# ものつくりのセンス
原題: Taste for Makers(Paul Graham, 2002年2月/プロジェクト杉田玄白正式参加テキスト)/進捗 50%〜56%
**中心主張**: 「センスは主観的なもの」という現代の相対主義は、ものを作る人にとって有害な嘘である。良いデザインと悪いデザインが存在すると認めなければ、良いデザインについて学び始めることすらできない。数学・絵画・建築・工学・文章など分野をまたいで「美」の共通項を洗い出すと、良いデザインには十数個の反復するパターンがあり、それは学習可能な現実的問題である。
**実践指針**:
- センスは主観的だと言われた場面では、その主張が「論争を避けるには良い方法」でしかないと見抜け。仕事が上達する人は誰しも自分が上達しているのがわかる。だとすれば、古いセンスは単に違うのではなく、今より悪かったのだ。

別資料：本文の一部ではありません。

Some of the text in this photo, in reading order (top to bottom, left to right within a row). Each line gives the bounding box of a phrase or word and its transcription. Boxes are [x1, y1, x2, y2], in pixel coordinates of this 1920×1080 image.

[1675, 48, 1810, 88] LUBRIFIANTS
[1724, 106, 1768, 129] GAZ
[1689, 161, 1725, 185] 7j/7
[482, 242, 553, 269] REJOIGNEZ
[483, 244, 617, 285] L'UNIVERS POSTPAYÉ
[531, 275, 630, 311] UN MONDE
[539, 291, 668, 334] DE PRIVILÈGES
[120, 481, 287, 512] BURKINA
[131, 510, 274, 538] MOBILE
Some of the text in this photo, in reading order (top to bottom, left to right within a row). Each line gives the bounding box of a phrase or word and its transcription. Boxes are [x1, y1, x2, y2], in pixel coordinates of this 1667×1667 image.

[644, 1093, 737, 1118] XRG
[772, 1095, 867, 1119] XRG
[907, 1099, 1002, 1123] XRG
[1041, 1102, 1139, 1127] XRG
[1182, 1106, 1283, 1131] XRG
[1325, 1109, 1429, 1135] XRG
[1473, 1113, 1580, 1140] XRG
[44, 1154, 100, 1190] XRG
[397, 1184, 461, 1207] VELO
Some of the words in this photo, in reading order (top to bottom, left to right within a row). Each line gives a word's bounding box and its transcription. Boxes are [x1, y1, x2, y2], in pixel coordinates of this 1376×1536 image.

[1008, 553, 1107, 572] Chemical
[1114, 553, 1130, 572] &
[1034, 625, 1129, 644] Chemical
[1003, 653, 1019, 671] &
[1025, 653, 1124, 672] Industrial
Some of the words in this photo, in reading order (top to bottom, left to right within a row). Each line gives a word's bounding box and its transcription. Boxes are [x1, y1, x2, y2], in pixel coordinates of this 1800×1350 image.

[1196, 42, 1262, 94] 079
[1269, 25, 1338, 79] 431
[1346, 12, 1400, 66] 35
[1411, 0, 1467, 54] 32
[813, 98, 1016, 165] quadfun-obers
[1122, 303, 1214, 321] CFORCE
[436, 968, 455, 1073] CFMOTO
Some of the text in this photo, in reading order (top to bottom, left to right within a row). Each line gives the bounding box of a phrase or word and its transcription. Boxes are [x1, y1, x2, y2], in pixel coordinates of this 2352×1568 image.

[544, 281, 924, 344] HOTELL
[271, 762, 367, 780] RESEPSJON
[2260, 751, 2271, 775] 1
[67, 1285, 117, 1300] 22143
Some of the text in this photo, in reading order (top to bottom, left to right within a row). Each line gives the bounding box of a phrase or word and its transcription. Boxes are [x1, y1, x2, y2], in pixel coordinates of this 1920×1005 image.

- 設計を評価する場面では、まず単純さを疑え。「良いデザインは単純である」。装飾を見せられないなら、実体を見せなくてはならなくなる。長ったらしい単語や「表現主義的」な絵のタッチの下には、たいてい大した中身がない。
- 流行に乗るか迷った場面では、色褪せない解を目標にせよ。それは最良の解を見つける良い方法でもあり、流行を避ける良い方法でもある。1500年の人々にも2500年の人々にも好かれるものを狙え。
- うまく解けない問題に当たった場面では、問題そのものを疑え。「良いデザインは正しい問題を解決する」。コンロのつまみを一列に並べるのは、間違った問いに対する簡潔な答えである(火口と同じく四角に配置すべき)。解と同じように問題も改善してよい。
- 説明したくなった場面では、想像力を喚起する方を選べ。ジェーン・オースティンの小説には叙述がほとんどない。物語を実にうまく語るので、読者が情景を目に浮かべる。全部描いてある絵より、色々想像できる絵の方が見ていて飽きない。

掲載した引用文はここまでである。